“Shock And Kill” Strategy To Eliminate HIV
When therapeutics battle HIV, they tend to miss pockets of resistance where HIV can hunker down until it stages a comeback. HIV, then, cannot be defeated until its remnants are roused to action, and its hiding places exposed and eliminated. This two-step strategy is called “shock and kill.” It sounds promising, but shock and kill hasn’t quite worked yet. It still needs the right shock.
Encouragingly, a better shock has been proposed by scientists at Sanford Burnham Prebys Medical Discovery Institute. These scientists, led by Sumit Chanda, PhD, director and professor and Nicholas Cosford, PhD, deputy director of the NCI-designated Cancer Center at Sanford Burnham Prebys and co-senior author of the study, have identified a drug that reawakens the virus without activating the immune system. That is, the drug makes it possible to save the immune system without having to destroy it.
“What scientists have found with other ‘shock’ approaches is that they can be too hot and overactivate the immune system, or too cold and don’t wake up the virus,” said Chanda. “Our research identifies a drug that works in the ‘Goldilocks’ zone.”
The drug is a Smac mimetic called Ciapavir (SBI-0953294).
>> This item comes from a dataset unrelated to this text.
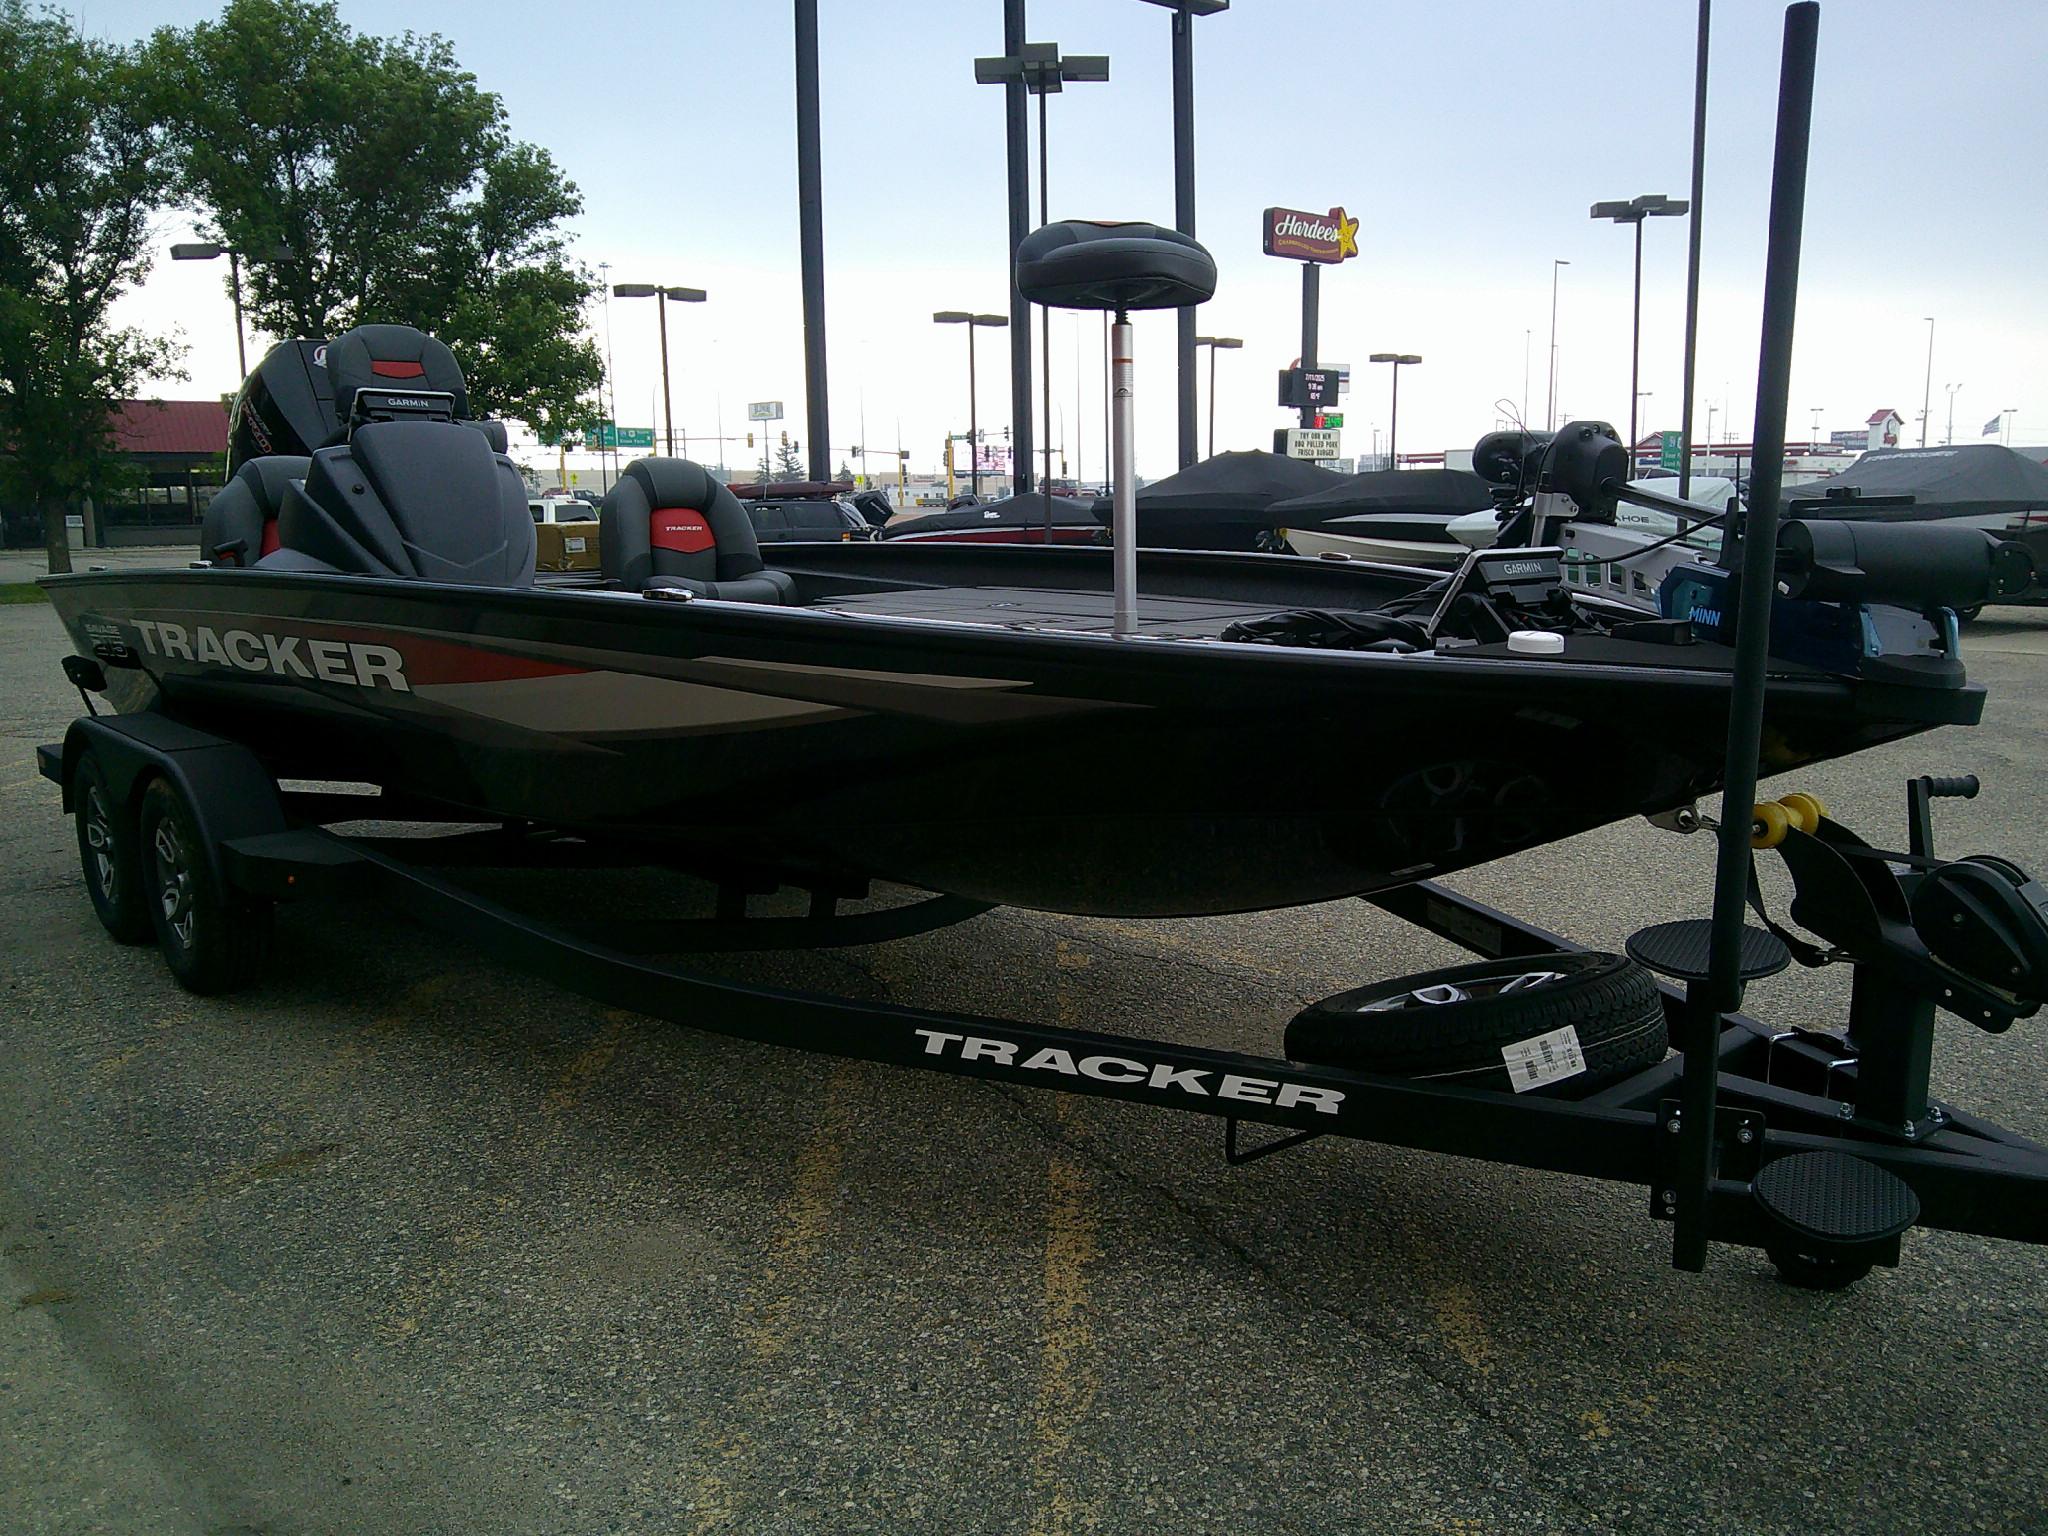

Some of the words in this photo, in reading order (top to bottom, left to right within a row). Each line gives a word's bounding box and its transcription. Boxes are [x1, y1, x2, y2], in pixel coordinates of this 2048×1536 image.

Smac mimetics are a class of small-molecule peptidomimetics derived from a conserved binding motif of Smac (second mitochondria-derived activator of caspases), an endogenous protein inhibitor of apoptosis. Originally developed as cancer drugs, Smac mimetics are being evaluated for other purposes, such as fighting HIV.
Repurposed Smac mimetics have had modest success in reversing HIV latency. In hopes of building on this success, Chanda, Cosford, and colleagues decided to experiment with a Smac mimetic optimized to reverse HIV latency. The results of this work appeared June 23 in Cell Reports Medicine, in an article titled, “Pharmacological Activation of Non-canonical NF-κB Signaling Activates Latent HIV-1 Reservoirs In Vivo.” According to this article, Ciapavir is more efficacious as a latency-reversing agent than other drugs of its class.
“Ciapavir induced activation of HIV-1 reservoirs in vivo in a bone marrow, liver, thymus (BLT) humanized mouse model without mediating systemic T cell activation,” the article’s authors wrote. “This study provides proof of concept for the in vivo efficacy and safety of Ciapavir and indicates that Smac mimetics can constitute a critical component of a safe and efficacious treatment strategy to eliminate the latent HIV-1 reservoir.”